Número de mortos no sismo na Colômbia sobe para 321
D e acordo com o mais recente relatório, registam-se ainda 4.595 feridos e 257 desaparecidos, enquanto 364 pessoas foram resgatadas. O balanço anterior registava 314 mortos.
A Unidade Nacional para a Gestão do Risco de Catástrofes (UNGRD) da Colômbia indicou ainda que mais de 30.800 casas foram destruídas e quase 152.000 danificadas, além de que mais de 300 edifícios ruíram.
O Presidente colombiano, Abelardo de la Espriella, assinou na quarta-feira um decreto que declara o estado de emergência económica, social e ecológica para auxiliar as vítimas e reconstruir as províncias afetadas pelo sismo.
"Não se trata apenas de reconstruir casas, mas também de restaurar empresas e infraestruturas públicas essenciais, como escolas, hospitais e outras obras indispensáveis à vida das nossas comunidades", frisou o governante, em declarações transmitidas pelos media colombianos.

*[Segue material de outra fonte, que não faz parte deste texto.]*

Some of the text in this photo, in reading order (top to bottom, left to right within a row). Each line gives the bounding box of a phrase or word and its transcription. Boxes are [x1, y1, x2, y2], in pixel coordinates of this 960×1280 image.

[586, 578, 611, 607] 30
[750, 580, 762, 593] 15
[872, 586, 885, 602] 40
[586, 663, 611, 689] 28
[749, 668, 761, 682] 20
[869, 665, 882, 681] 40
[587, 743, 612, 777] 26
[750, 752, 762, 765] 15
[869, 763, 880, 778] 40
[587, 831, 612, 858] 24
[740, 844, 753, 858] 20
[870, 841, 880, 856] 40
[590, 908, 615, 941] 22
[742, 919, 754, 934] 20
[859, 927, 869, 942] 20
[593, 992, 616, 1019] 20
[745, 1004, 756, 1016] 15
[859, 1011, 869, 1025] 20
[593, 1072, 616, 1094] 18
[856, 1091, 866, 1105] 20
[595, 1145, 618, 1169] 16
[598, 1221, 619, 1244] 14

Abelardo de la Espriella sublinhou que o país enfrenta "uma situação orçamental extraordinariamente difícil", lamentando que, "em condições financeiras normais, muitos dos efeitos imediatos de uma tragédia desta magnitude poderiam ser amenizados utilizando os instrumentos ordinários do Estado e aumentando as dotações no Orçamento".